• How to complete this task: Could you copy every record exactly, leaving the pictures behind?

(Stored data entries)
==============================
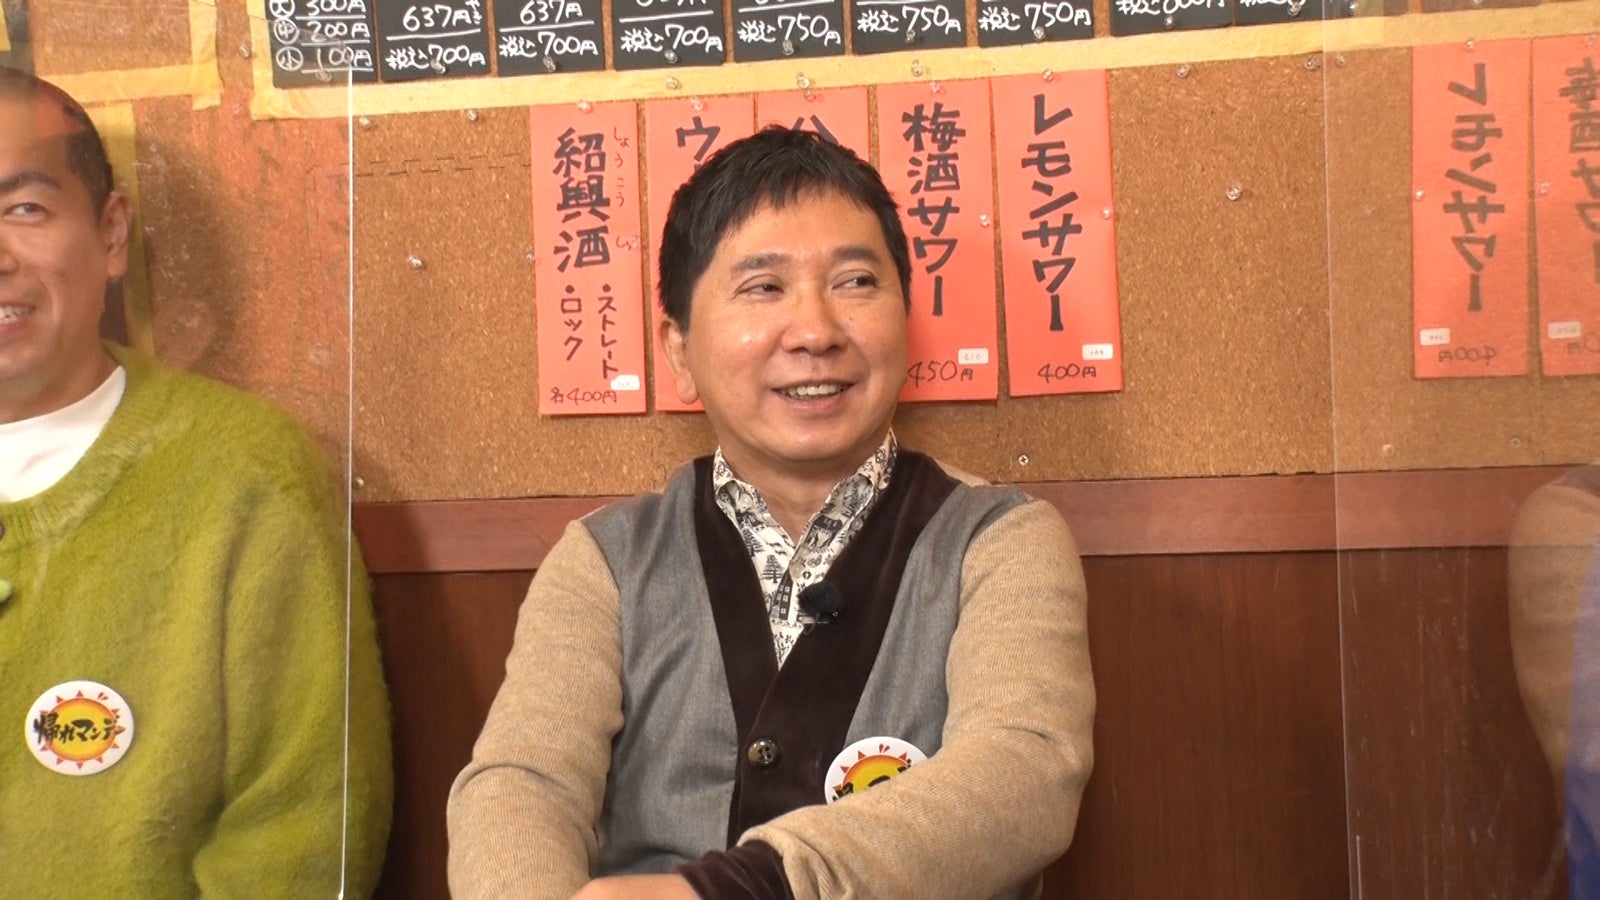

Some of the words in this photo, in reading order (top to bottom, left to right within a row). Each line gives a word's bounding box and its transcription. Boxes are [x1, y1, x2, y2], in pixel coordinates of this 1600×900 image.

[403, 4, 472, 31] 637円
[520, 0, 583, 25] 637円
[857, 5, 961, 35] 税込750円
[977, 2, 1092, 31] 税込750円
[306, 20, 370, 42] 200円
[499, 31, 599, 58] 税込700円
[620, 23, 723, 53] 税込700円
[737, 13, 841, 47] 税込750円
[317, 46, 373, 69] 100円
[385, 43, 486, 70] 税込700円
[552, 126, 611, 273] 紹興酒
[902, 102, 967, 317] 梅酒サワー
[1021, 93, 1083, 332] レモンサワー
[907, 360, 974, 389] 450円
[1037, 363, 1098, 384] 400円
==============================
• Answer to this exercise:
Some of the words in this photo, in reading order (top to bottom, left to right within a row). Each line gives a word's bounding box and its transcription. Boxes are [x1, y1, x2, y2], in pixel coordinates of this 1600×900 image.

[403, 4, 472, 31] 637円
[520, 0, 583, 25] 637円
[857, 5, 961, 35] 税込750円
[977, 2, 1092, 31] 税込750円
[306, 20, 370, 42] 200円
[499, 31, 599, 58] 税込700円
[620, 23, 723, 53] 税込700円
[737, 13, 841, 47] 税込750円
[317, 46, 373, 69] 100円
[385, 43, 486, 70] 税込700円
[552, 126, 611, 273] 紹興酒
[902, 102, 967, 317] 梅酒サワー
[1021, 93, 1083, 332] レモンサワー
[907, 360, 974, 389] 450円
[1037, 363, 1098, 384] 400円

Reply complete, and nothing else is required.